Summary
In DeGregorio (supra), the Appellate Division reversed an order of the Supreme Court which directed claimants and their daughter to appear for a section 50-h hearing.
Summary of this case from FIRST CHURCH v. State of NYOpinion
March 21, 2001.
Appeal from Order of Supreme Court, Niagara County, Fricano, J. — Discovery.
Before: PIGOTT, JR., P. J., GREEN, HAYES, BURNS AND LAWTON, JJ.
Order reversed on the law without costs and application denied. Memorandum:
On December 13, 1999, claimants served a notice of claim upon respondent for personal injuries sustained by their infant daughter at school. Pursuant to General Municipal Law § 50-h (1) and (2), respondent served a demand for examinations of claimants and their daughter on February 21, 2000, scheduling the examinations for March 22, 2000. Claimants' attorney indicated that his clients would not submit to section 50-h examinations at that time. Subsequent attempts by respondent to reschedule the section 50-h examinations were unsuccessful. Respondent made an application in Supreme Court seeking an order compelling the examinations under oath of claimants and their infant daughter pursuant to General Municipal Law § 50-h. The court erred in granting the application and ordering claimants and their daughter to appear for examinations on July 19, 2000. Where, as here, claimants fail to comply with a demand for examinations, a municipality may move to dismiss any subsequently commenced action based upon that failure ( see generally, Ambroziak v. County of Erie, 177 A.D.2d 974).
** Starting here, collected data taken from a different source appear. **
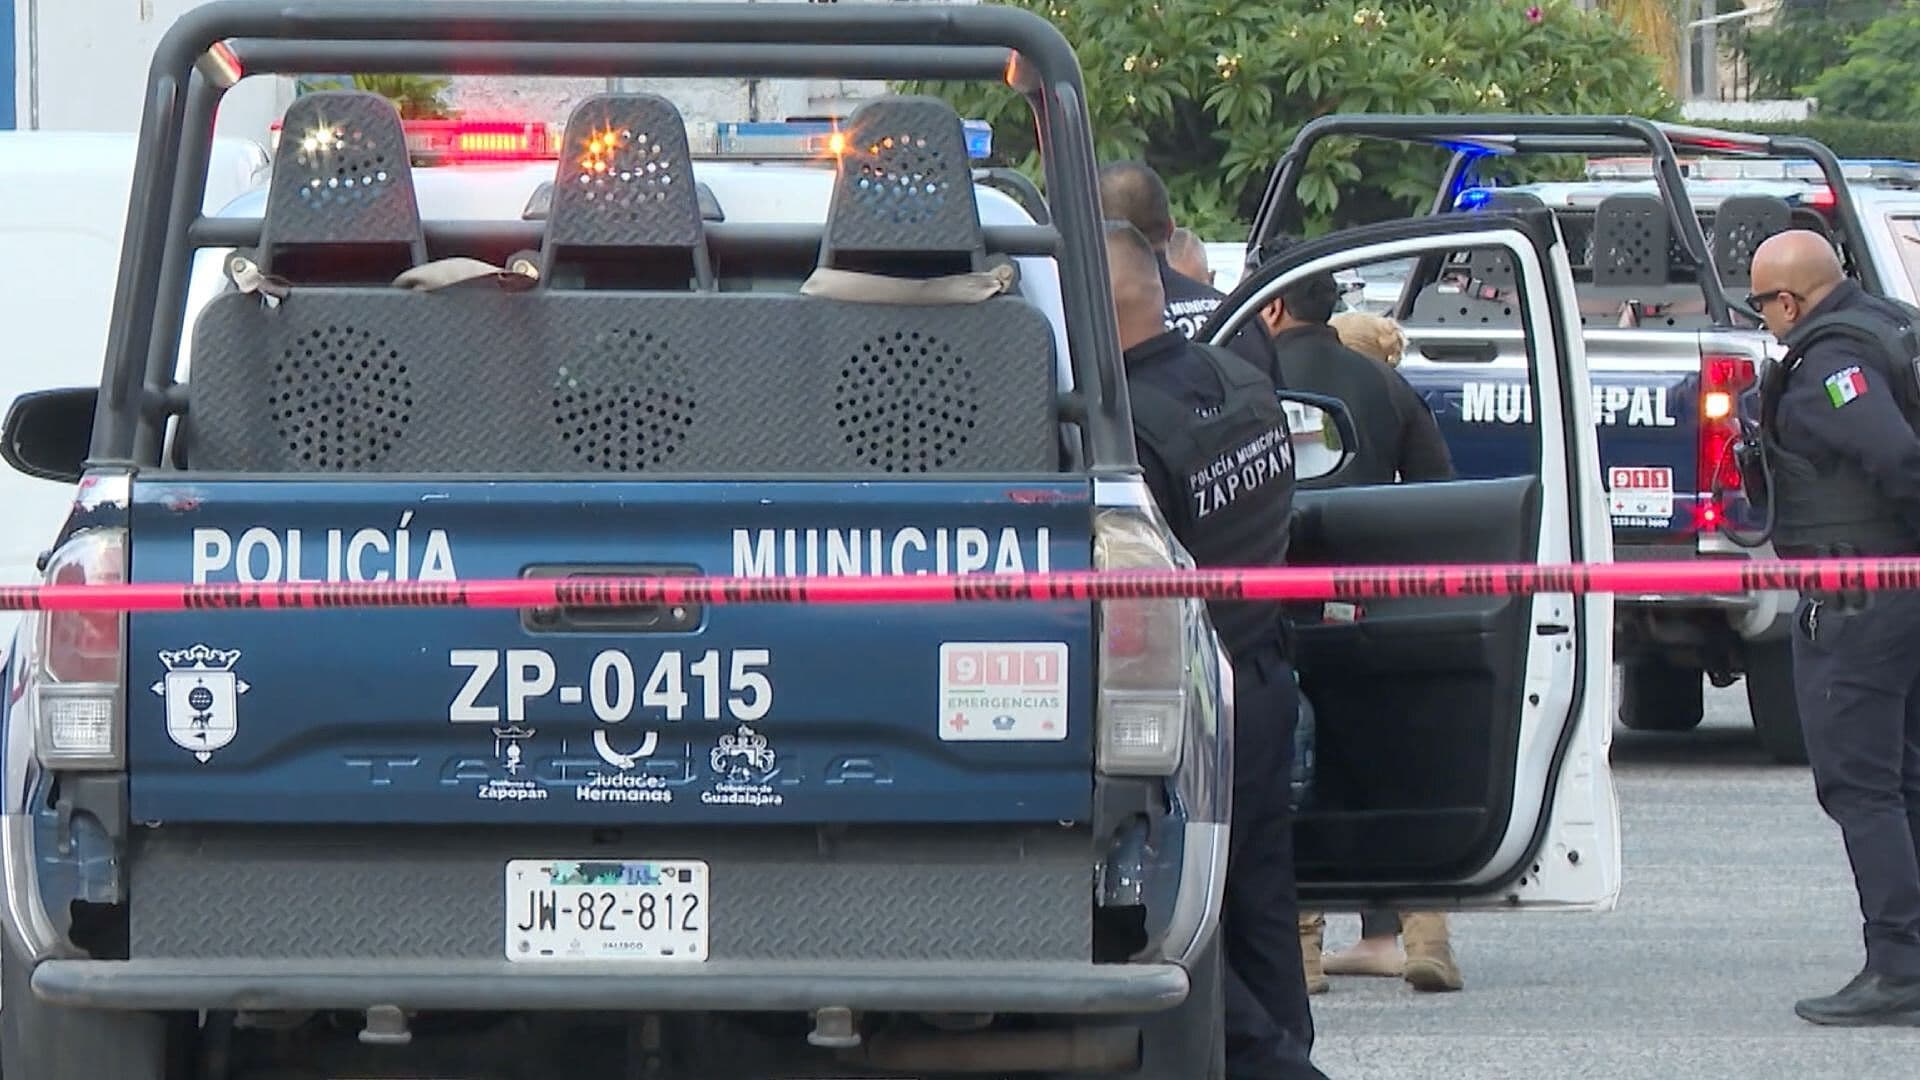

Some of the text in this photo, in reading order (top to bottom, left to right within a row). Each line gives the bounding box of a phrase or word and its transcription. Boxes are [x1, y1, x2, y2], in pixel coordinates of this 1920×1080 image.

[1190, 425, 1286, 490] POLICÍA MUNICIPAL
[1193, 442, 1292, 518] ZAPOPAN
[193, 511, 457, 583] POLICÍA
[956, 655, 1047, 681] 911
[450, 649, 773, 723] ZP-0415
[948, 697, 1059, 708] EMERGENCIAS
[478, 785, 547, 800] Zapopan
[576, 785, 672, 802] Hermanas
[701, 791, 783, 806] Guadalajara
[518, 890, 699, 931] JW-82-812
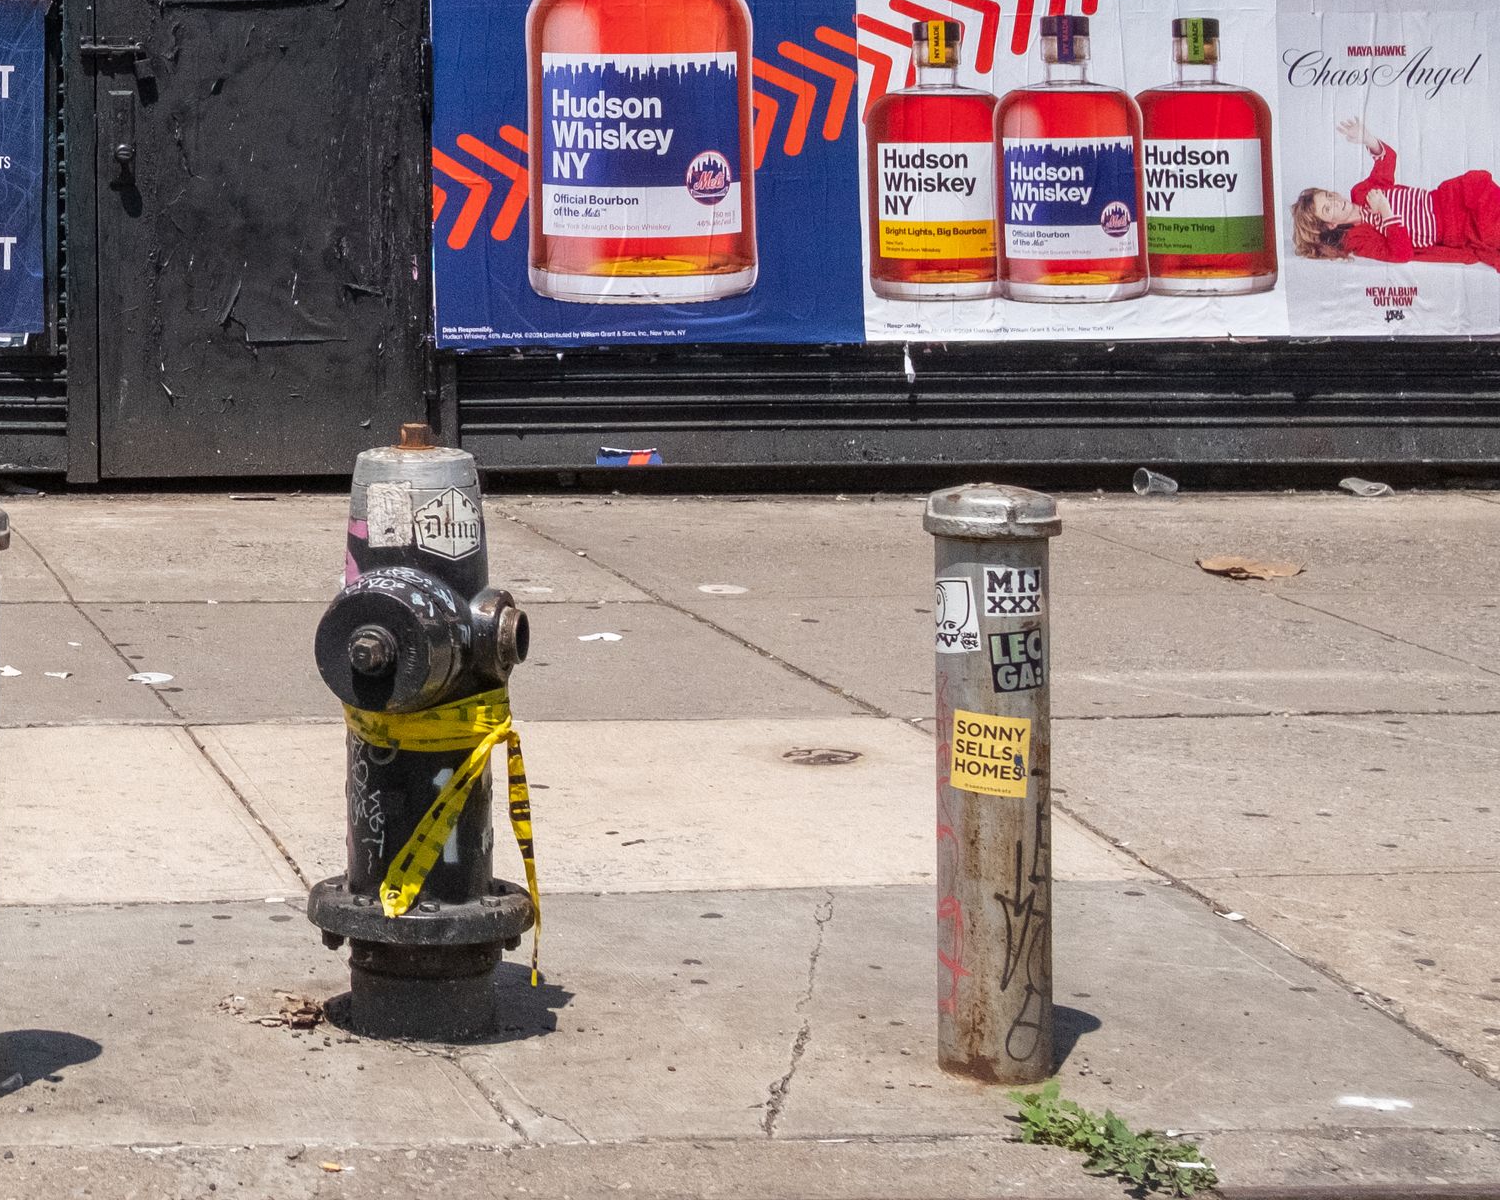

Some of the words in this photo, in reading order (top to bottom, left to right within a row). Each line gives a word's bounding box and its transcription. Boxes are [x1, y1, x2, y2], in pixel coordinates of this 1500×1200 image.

[1347, 45, 1373, 57] MAYA
[1374, 45, 1407, 57] HAWKE
[1282, 48, 1369, 88] Chaos
[1371, 46, 1482, 100] Angel
[552, 88, 662, 119] Hudson
[552, 120, 674, 156] Whiskey
[552, 151, 590, 180] NY
[884, 148, 969, 169] Hudson
[1144, 145, 1230, 166] Hudson
[1010, 161, 1084, 181] Hudson
[1145, 168, 1238, 193] Whiskey
[884, 171, 977, 197] Whiskey
[1010, 182, 1093, 206] Whiskey
[553, 193, 587, 206] Official
[589, 194, 639, 206] Bourbon
[884, 195, 913, 215] NY
[1146, 191, 1176, 212] NY
[553, 206, 563, 217] of
[563, 207, 580, 217] the
[1011, 202, 1037, 222] NY
[581, 223, 608, 232] Straight
[609, 223, 640, 231] Bourbon
[641, 223, 671, 232] Whiskey
[885, 227, 906, 237] Bright
[907, 227, 935, 237] Lights,
[937, 227, 952, 237] Big
[952, 227, 987, 235] Bourbon
[1012, 230, 1035, 238] Official
[1036, 231, 1070, 239] Bourbon
[1158, 223, 1172, 232] The
[1173, 224, 1189, 233] Rye
[1190, 224, 1216, 233] Thing
[1365, 286, 1386, 297] NEW
[1388, 286, 1418, 297] ALBUM
[1373, 296, 1391, 307] OUT
[1392, 296, 1413, 307] NOW
[458, 326, 493, 334] Responsibly.
[987, 594, 1041, 614] XXX
[956, 720, 1026, 743] SONNY
[955, 738, 1013, 761] SELLS
[954, 757, 1023, 781] HOMES
It is at that point that claimants' reasons for failing to comply with the demand should be asserted and the validity of the reason assessed by the court ( see, Best v. City of New York, 97 A.D.2d 389, affd 61 N.Y.2d 847). There is no authority, however, for respondent's application to the court to compel claimants and their daughter to comply with the demand where, as here, no action is pending between the parties ( cf., Alouette Fashions v. Consolidated Edison Co. of N. Y., 119 A.D.2d 481, 485-486, affd 69 N.Y.2d 787).
All concur except Hayes and Lawton, JJ., who dissent and vote to affirm in the following Memorandum:
We respectfully dissent and vote to affirm. In our view, Supreme Court properly directed claimants and their daughter to appear for examinations on July 19, 2000. We reject claimants' contention that the court lacked authority to schedule a date for claimants and their daughter to appear for examinations pursuant to General Municipal Law § 50-h (1). Pursuant to that section, a school district "shall have the right to demand an examination of the claimant[s]", and the court is merely enforcing that right. We disagree with the majority's conclusion that the only remedy available to respondent is to wait until claimants commence an action, particularly where, as here, that event may not occur for an extended length of time because of the infancy toll of the Statute of Limitations.